For months I scoured Facebook, reaching out to breeders. I researched breeds and registries. I looked up parentage and traits for the types of horses I thought I wanted (GRP, connemara, appendix qh, welsh/x, etc.). I toured breeding barns and seriously looked at foals who met my list of requirements. None of them felt "right:" I noticed that most breeders focused on the great accolades of the stallion and his traits and his show records and his breeding. But what about the mare? The mare raises the foal and is half the DNA, shouldn't she be important too?

I couldn't let go of the idea that I already had the cutest little mare who adored me (I mean, that goes both ways obviously). Ruby had good confirmation, was an exceptional hunter, sweet personality, and put up with all sorts of crap from me in our early years when I was still trying to learn how to ride. 

Instead of looking for foals, I started looking at stallions. 

I whittled down my sire options to Thoroughbred or Trakehner. The ATA keeps a list of active stallions, with biographies and lineages. More research, contacted stallion owners. 

My final selection:  Heroic Measures, OSB-A-S438.

The foal contract was signed, the stud fee sent, and I told my vet: "we only have one shot at this.

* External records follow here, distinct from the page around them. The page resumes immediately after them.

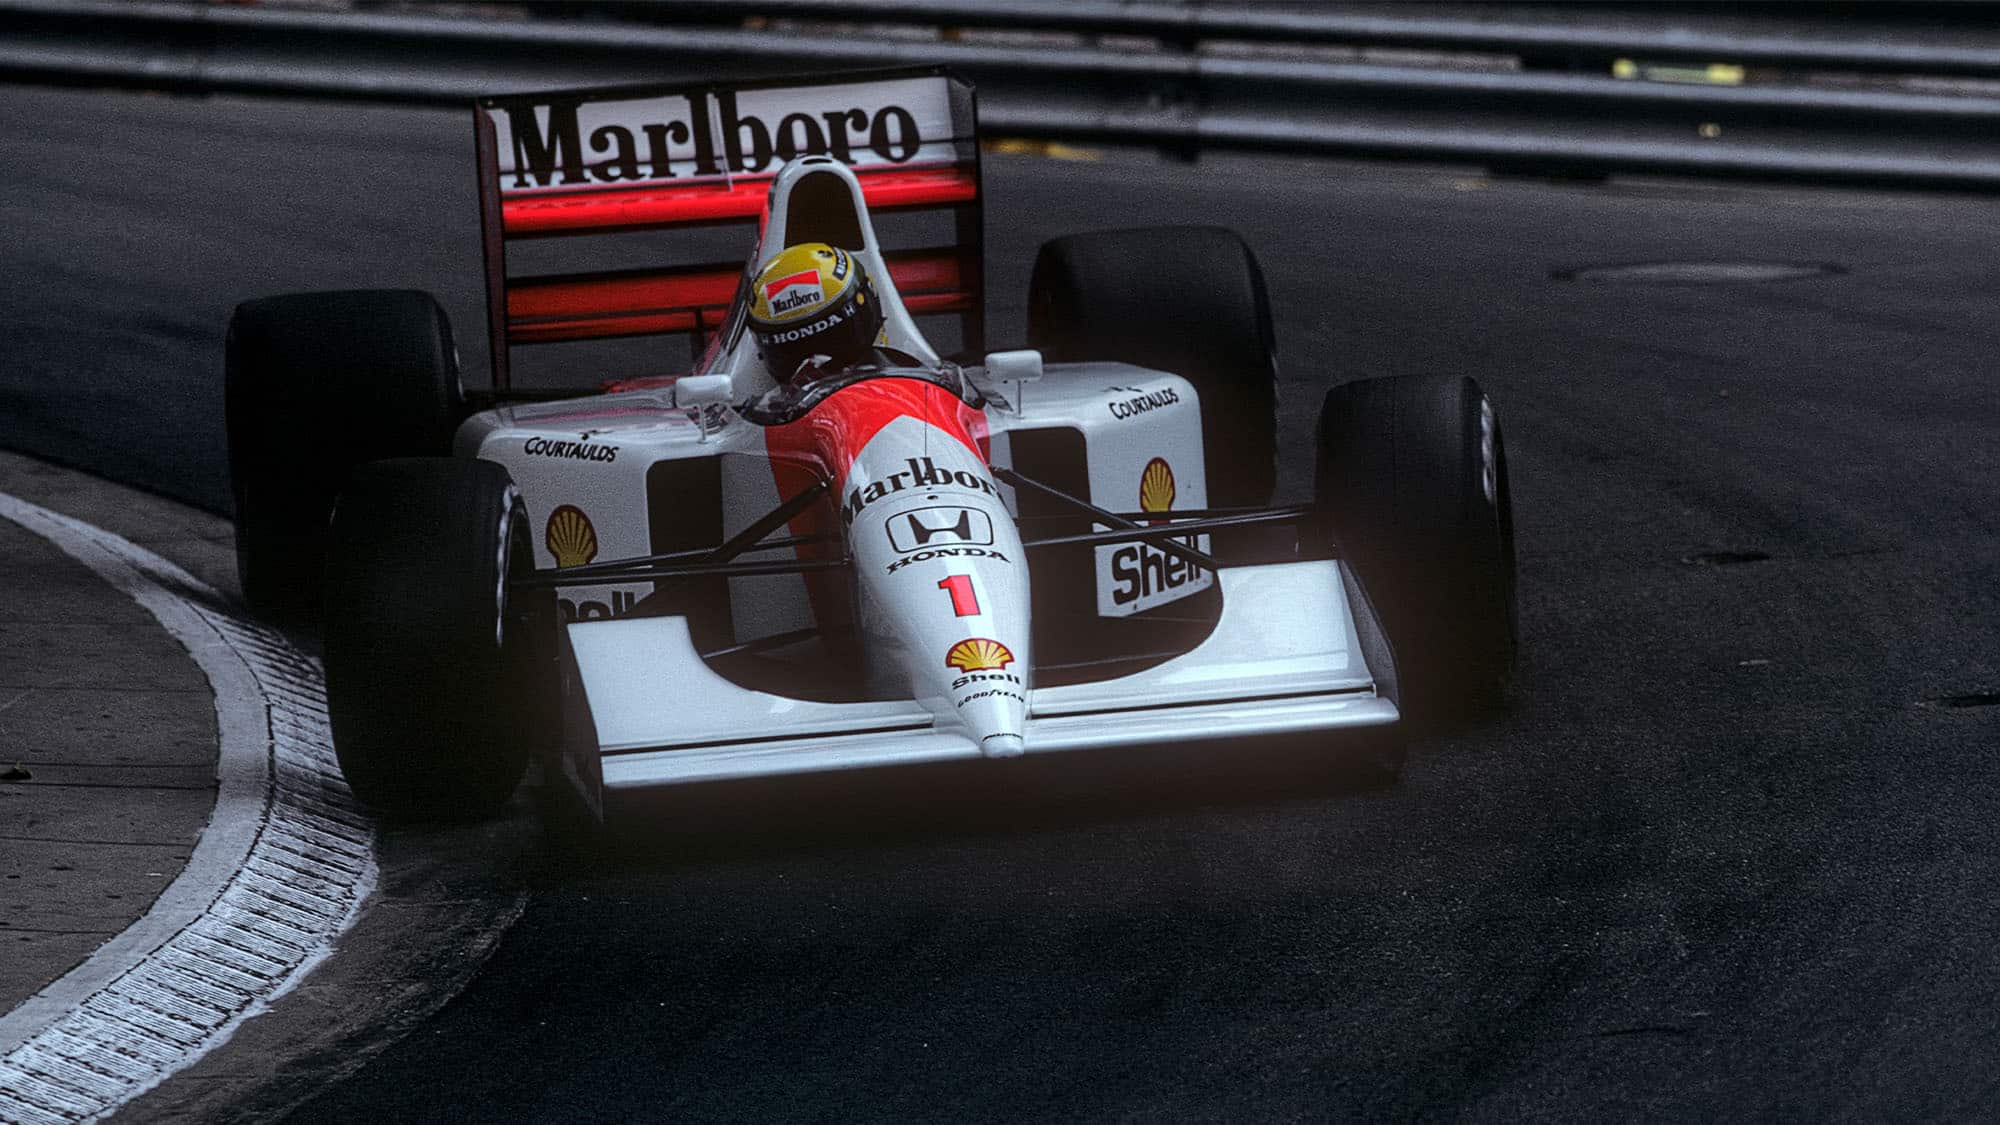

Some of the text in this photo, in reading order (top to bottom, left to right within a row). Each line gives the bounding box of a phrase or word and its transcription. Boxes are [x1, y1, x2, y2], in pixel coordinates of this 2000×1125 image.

[506, 88, 920, 188] Marlboro
[771, 290, 821, 315] Marlboro
[773, 314, 843, 344] HONDA
[1109, 387, 1180, 420] COURTAULDS
[524, 436, 620, 463] COURTAULDS
[839, 457, 1010, 528] Marlbor
[886, 548, 1011, 575] HONDA
[1112, 534, 1201, 606] Shell
[937, 574, 981, 617] 1
[951, 673, 1021, 690] Shell

If she doesn't take the first time, I am not going to keep trying; if she does, then we go forward."

Ruby was confirmed pregnant at her first follow up. 



The End of an Era

 "She is telling me she is done."

Quick update on what has happened over the past couple years, between my last post and now: Ruby tore her suspensory in September of 2018; we did extensive rehab, stall rest, hand-walking, and slow progression back into work. Ruby was cleared to full work the following February; I opted to do dressage only to reduce the risk of re-tearing. 

We trained, we were working first and second level movements...and her heart was not in it. She was resistant, she was not having fun anymore, and she was trying to tell me she was done.

In October of 2019, I hopped on her bareback; we had a very enjoyable ride together, I stopped her in the middle of the ring, and I cried. I knew, in my heart, that this would be our last ride.





After 12 years of competition spanning the hunter ring (HUS and equitation), dressage, and eventing, she had earned her retirement. 

Ruby lives the life of luxury where has everyone wrapped around her little hooves and where I can still see her a few days per week.